**WHAT NEEDS TO BE DONE**
Give back the data below word for word. Any image in it should be left out.

Image-backed grounding data
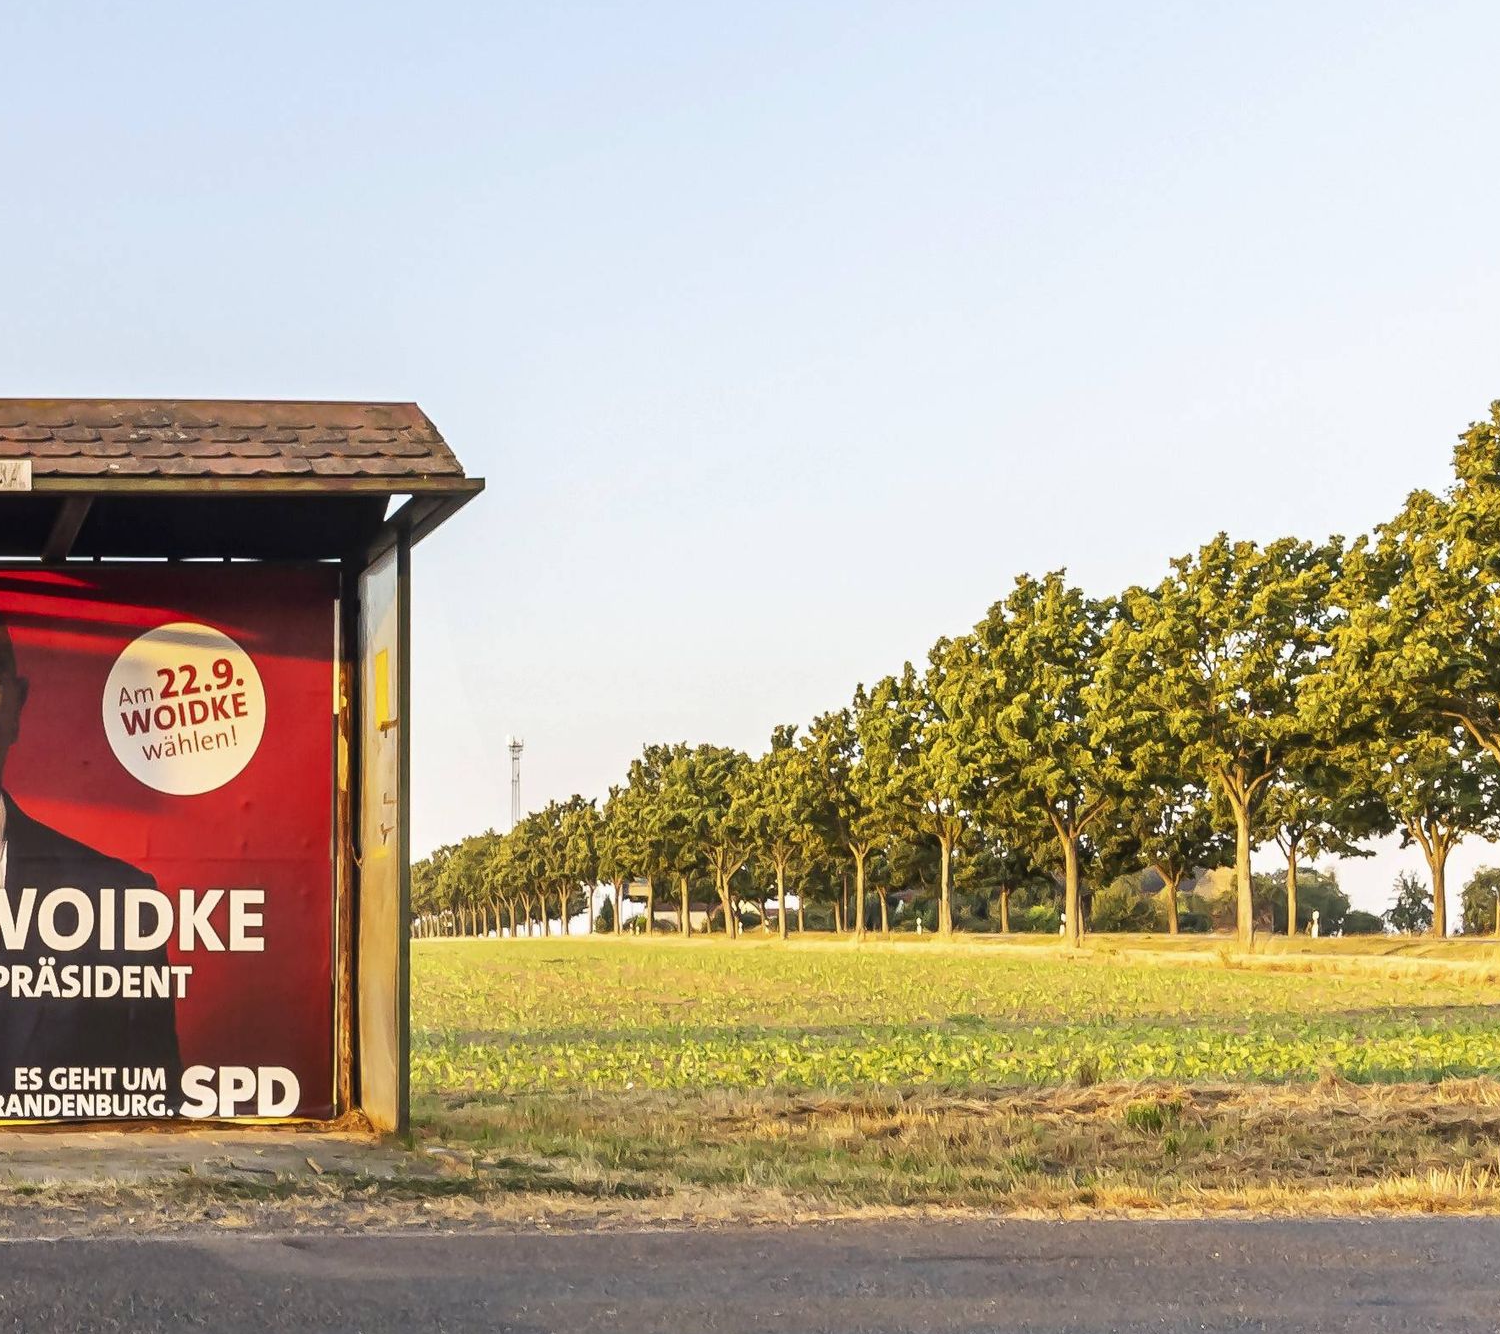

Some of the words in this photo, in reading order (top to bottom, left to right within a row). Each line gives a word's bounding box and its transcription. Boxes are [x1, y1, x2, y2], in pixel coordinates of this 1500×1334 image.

[119, 686, 154, 707] Am
[156, 658, 245, 699] 22.9.
[120, 692, 248, 737] WOIDKE
[142, 725, 238, 761] wählen!
[14, 1067, 43, 1091] ES
[48, 1067, 117, 1091] GEHT
[122, 1067, 167, 1091] UM
[179, 1064, 300, 1119] SPD

**ANSWER TO THE PROBLEM**
Some of the words in this photo, in reading order (top to bottom, left to right within a row). Each line gives a word's bounding box and its transcription. Boxes are [x1, y1, x2, y2], in pixel coordinates of this 1500×1334 image.

[119, 686, 154, 707] Am
[156, 658, 245, 699] 22.9.
[120, 692, 248, 737] WOIDKE
[142, 725, 238, 761] wählen!
[14, 1067, 43, 1091] ES
[48, 1067, 117, 1091] GEHT
[122, 1067, 167, 1091] UM
[179, 1064, 300, 1119] SPD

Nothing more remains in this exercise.